Zemahşerî, Allah’ın dilediğine büyük bir hayır olarak verdiği hikmeti (el-Bakara 2/269) “ilim ve amel uygunluğu” şeklinde yorumlamıştır. Ona göre âyetin devamından da anlaşılacağı üzere Allah’ın katında hakîm; ilmiyle amel eden âlimdir.

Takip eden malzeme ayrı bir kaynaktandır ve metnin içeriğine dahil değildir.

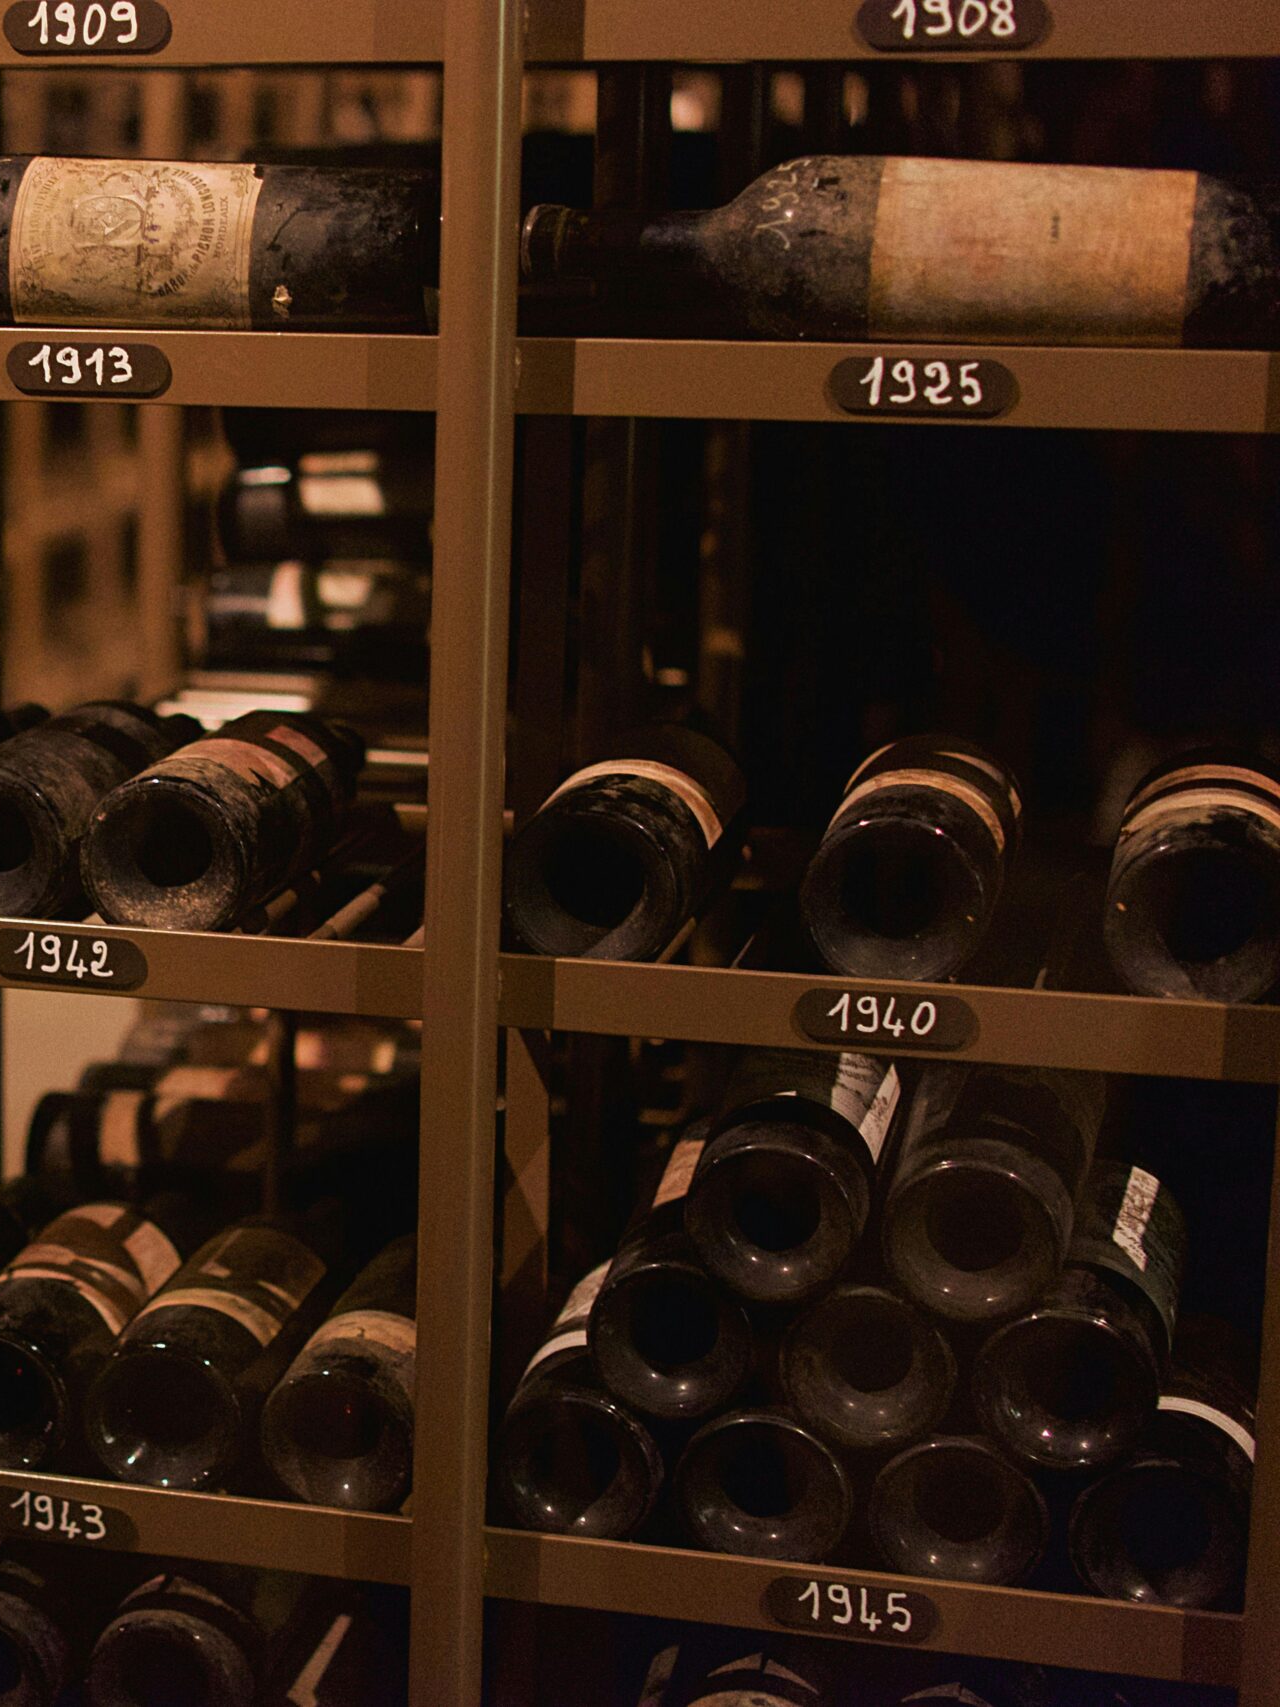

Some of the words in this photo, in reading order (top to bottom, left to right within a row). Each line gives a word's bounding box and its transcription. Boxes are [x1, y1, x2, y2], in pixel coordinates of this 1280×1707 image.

[27, 0, 138, 46] 1909
[892, 0, 1016, 38] 1908
[28, 344, 133, 386] 1913
[860, 356, 982, 406] 1925
[15, 931, 114, 979] 1942
[828, 993, 936, 1037] 1940
[11, 1491, 106, 1540] 1943
[798, 1582, 912, 1633] 1945

Mârifet, sözlükte masdar olarak “bilmek, tanımak, ikrar etmek”, anlamlarına gelir. İsim olarak “bilgi” anlamına gelen ma‘rifet (irfân) sözcüğü, ilimle eş anlamlı gibi kullanılmakla birlikte aralarında bazı farklar vardır. İlim tümel ve genel nitelikteki bilgileri, mârifet tikel, özel ve ayrıntılı bilgileri ifade eder. İlmin karşıtı cehil, mârifetin karşıtı inkârdır. Bu sebeple ilim kelimesi her zaman mârifetin yerini tutamaz.
Kelâm, sözlükte “maddî ve mânevî açıdan etkilemek, yaralamak” anlamındaki kelm kökünden gelmektedir. Masdar ismi olan kelâm ise “konuşma, söz söyleme ve sözlü etkiyi algılama” mânalarına gelir. “Konuşma melekesinden yoksun bulunmaya aykırı durum ve zihinde bulunan anlamın dille ifade edilmesi” diye tanımlanan kelâm; örfte ağızdan çıkan anlaşılır sese verilen addır. Dinî bir terim olarak da “Allah’ın konuşma yetkinliğine sahip bir varlık olduğunu bildiren sıfatı” diye tanımlanabilir.